* [Your task]: Copy the complete listing word for word, but do not carry over any images.

* [Supplied records]:
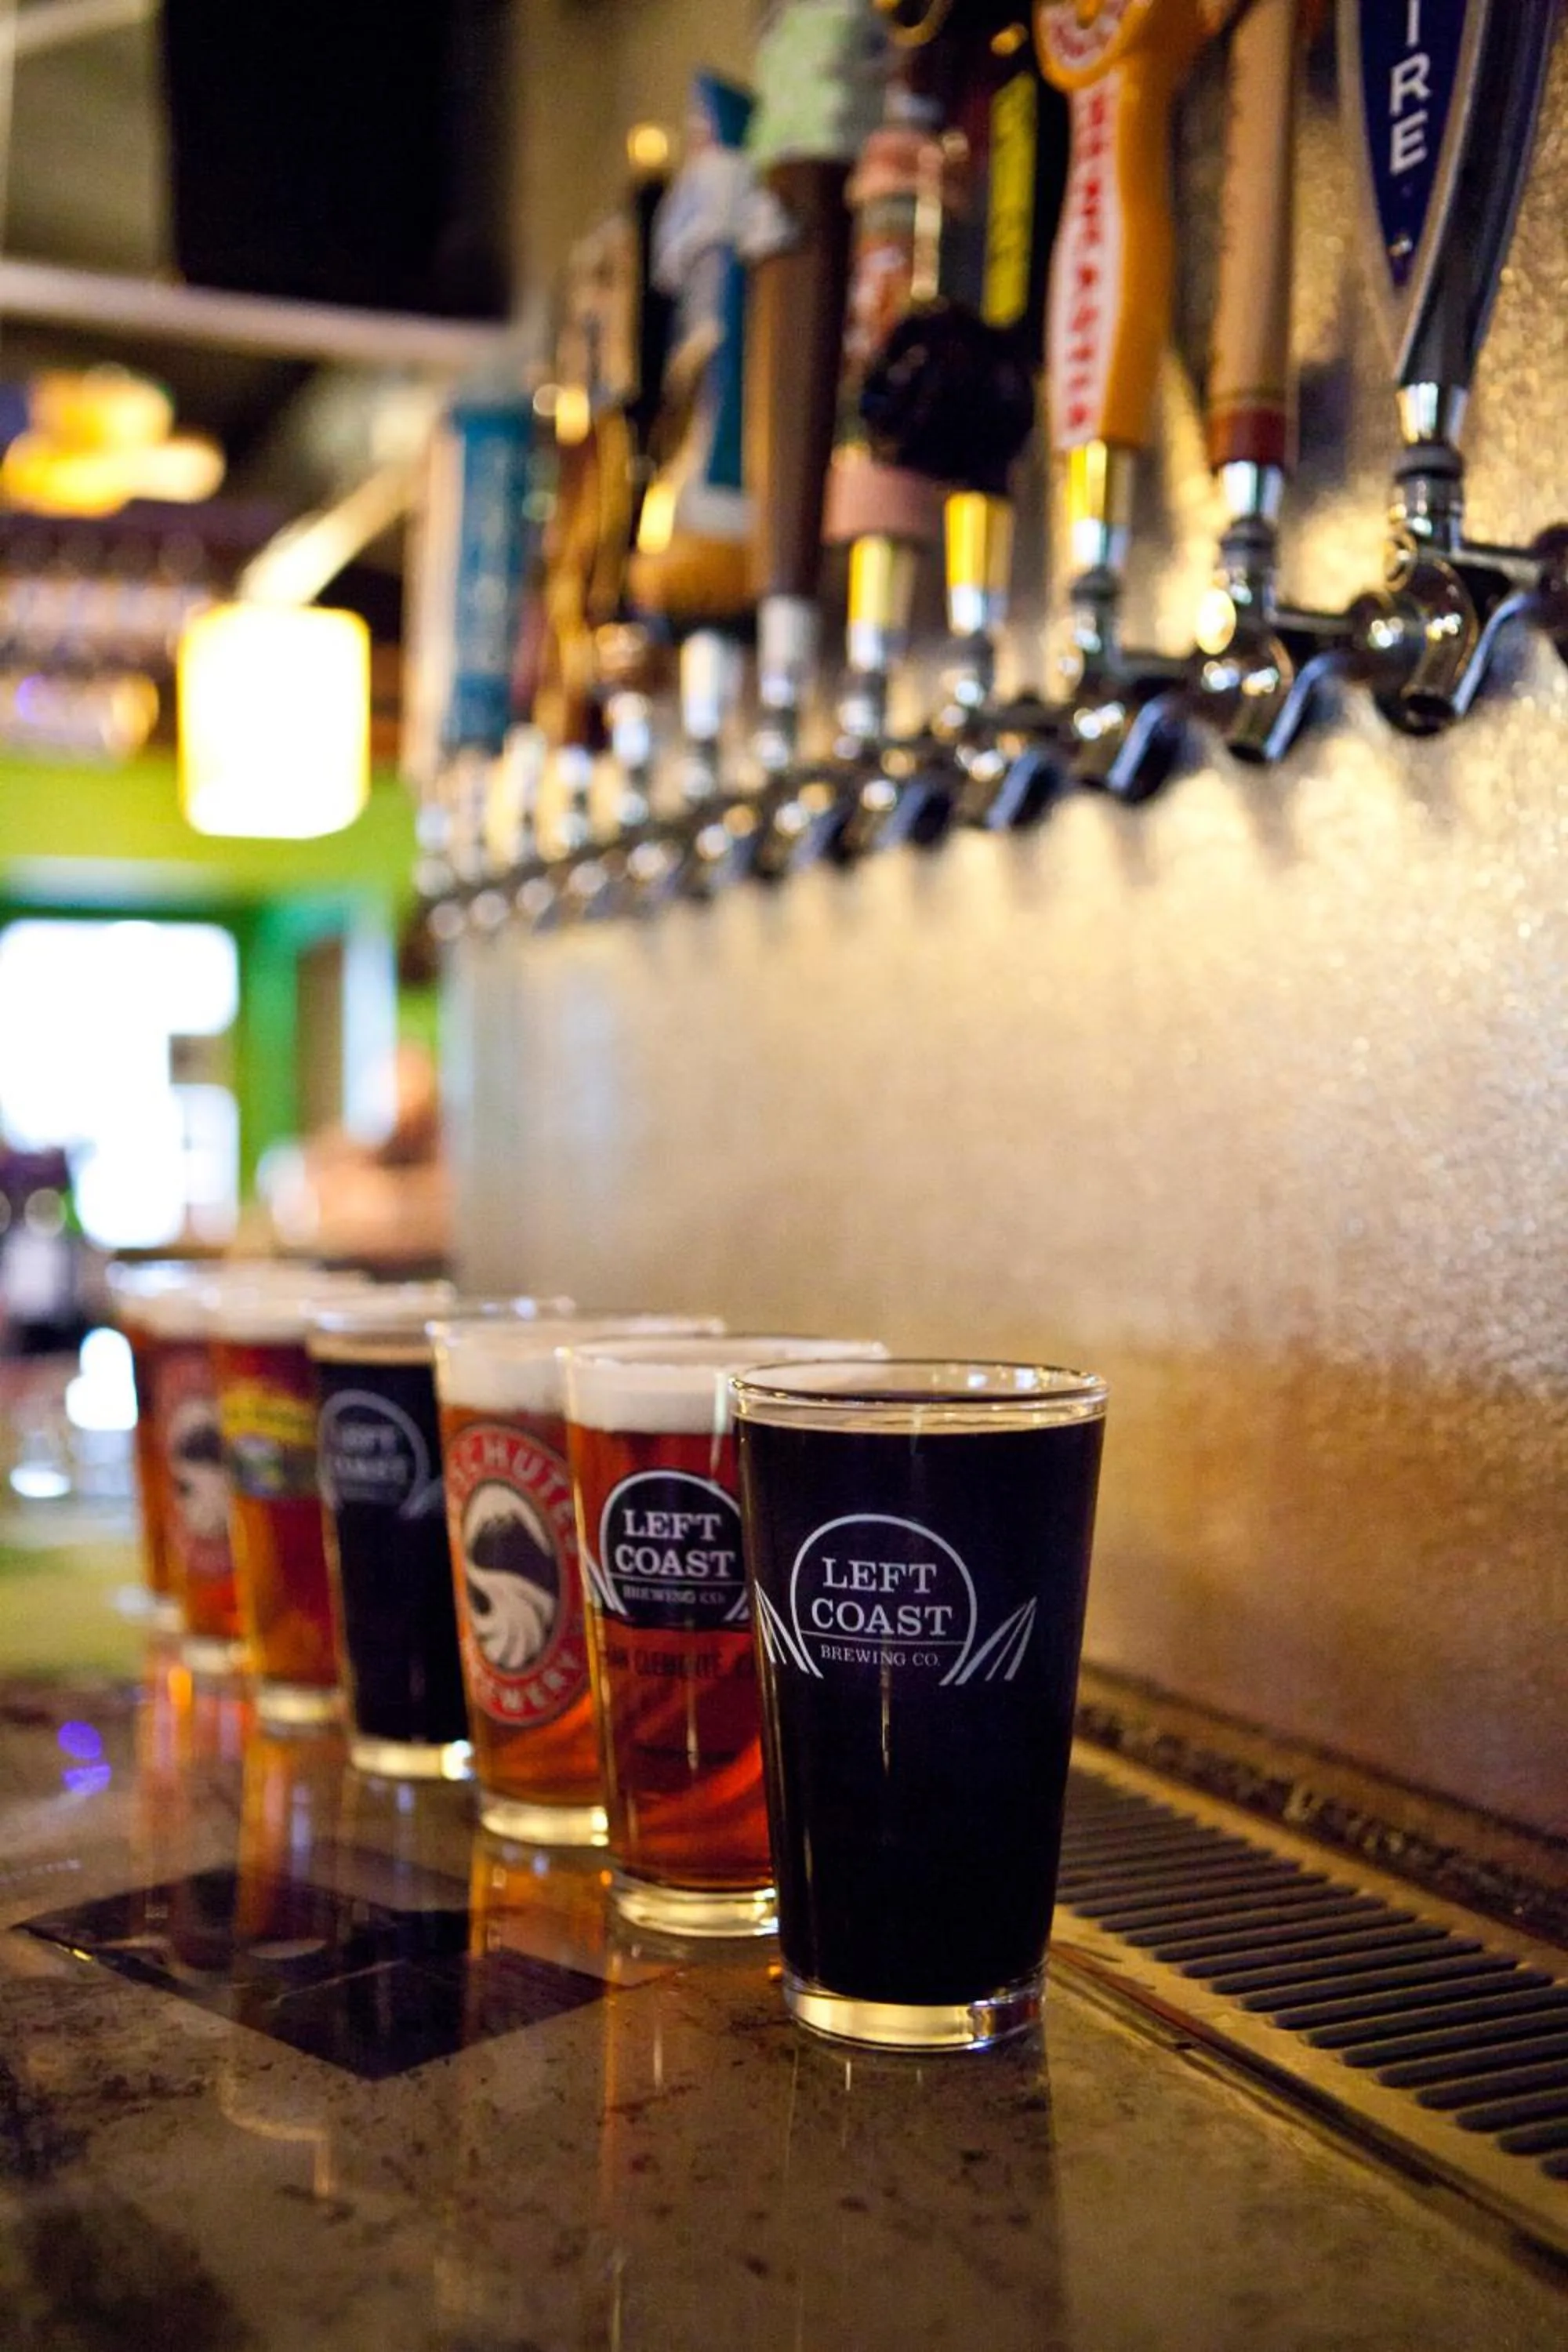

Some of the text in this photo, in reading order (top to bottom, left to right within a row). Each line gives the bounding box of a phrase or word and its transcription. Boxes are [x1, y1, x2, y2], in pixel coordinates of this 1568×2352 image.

[622, 1508, 722, 1541] LEFT
[615, 1543, 736, 1578] COAST
[822, 1556, 938, 1594] LEFT
[811, 1597, 953, 1637] COAST
[821, 1644, 942, 1668] BREWING CO.

* [Output of the task]:
Some of the text in this photo, in reading order (top to bottom, left to right within a row). Each line gives the bounding box of a phrase or word and its transcription. Boxes are [x1, y1, x2, y2], in pixel coordinates of this 1568×2352 image.

[622, 1508, 722, 1541] LEFT
[615, 1543, 736, 1578] COAST
[822, 1556, 938, 1594] LEFT
[811, 1597, 953, 1637] COAST
[821, 1644, 942, 1668] BREWING CO.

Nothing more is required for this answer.